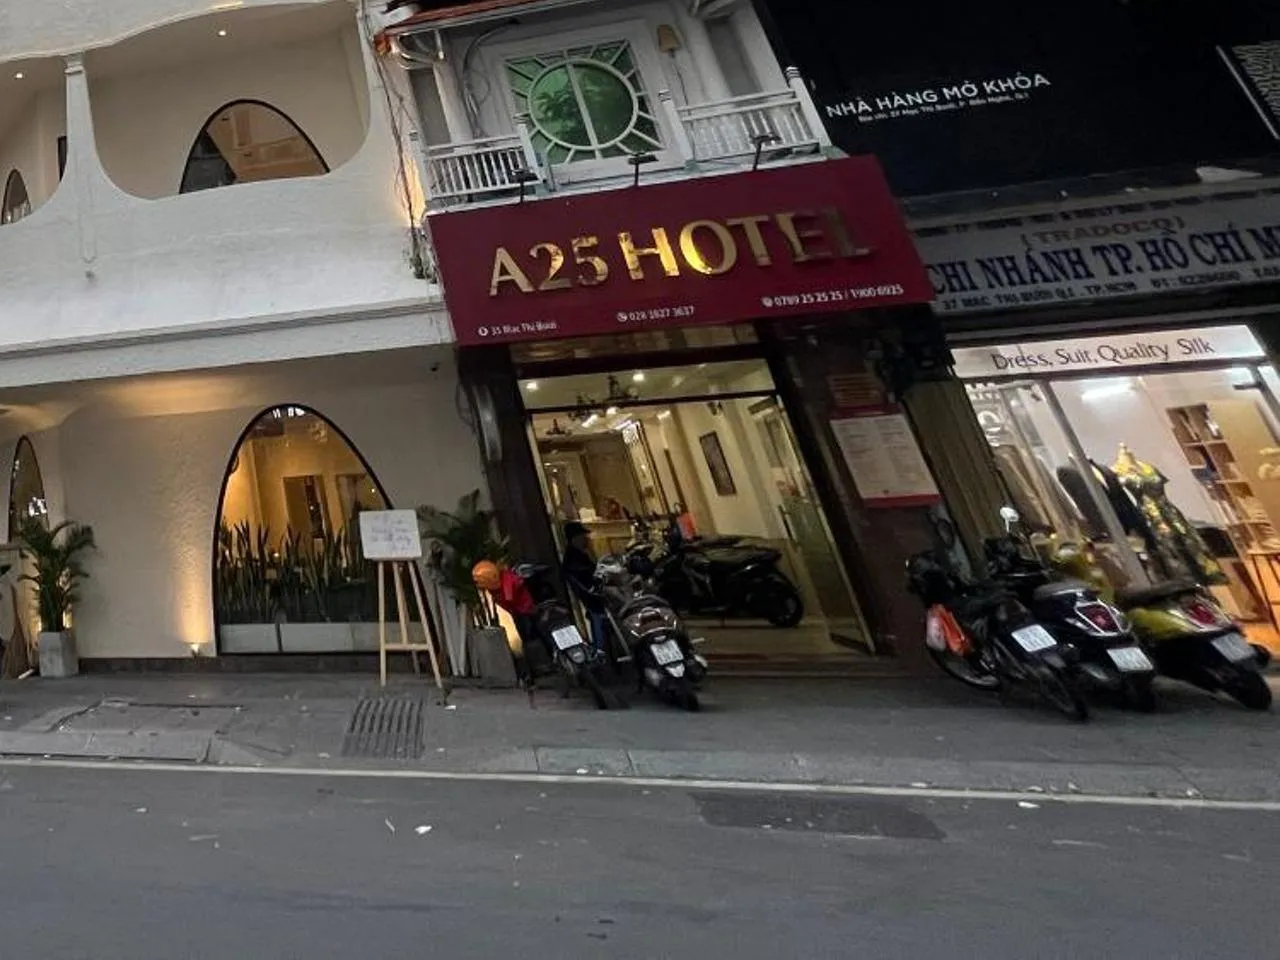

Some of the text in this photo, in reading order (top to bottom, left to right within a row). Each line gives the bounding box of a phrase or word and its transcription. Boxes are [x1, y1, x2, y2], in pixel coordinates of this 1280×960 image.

[876, 90, 938, 110] HÀNG
[488, 208, 874, 297] A25 HOTEL
[925, 260, 979, 295] CHI
[975, 243, 1096, 290] NHÁNH
[1097, 340, 1170, 363] Quality
[1176, 337, 1216, 356] Silk

*****

== Required action ==
The material above should be repeated word for word, with every picture omitted.

== The completed task ==
Some of the text in this photo, in reading order (top to bottom, left to right within a row). Each line gives the bounding box of a phrase or word and its transcription. Boxes are [x1, y1, x2, y2], in pixel coordinates of this 1280×960 image.

[876, 90, 938, 110] HÀNG
[488, 208, 874, 297] A25 HOTEL
[925, 260, 979, 295] CHI
[975, 243, 1096, 290] NHÁNH
[1097, 340, 1170, 363] Quality
[1176, 337, 1216, 356] Silk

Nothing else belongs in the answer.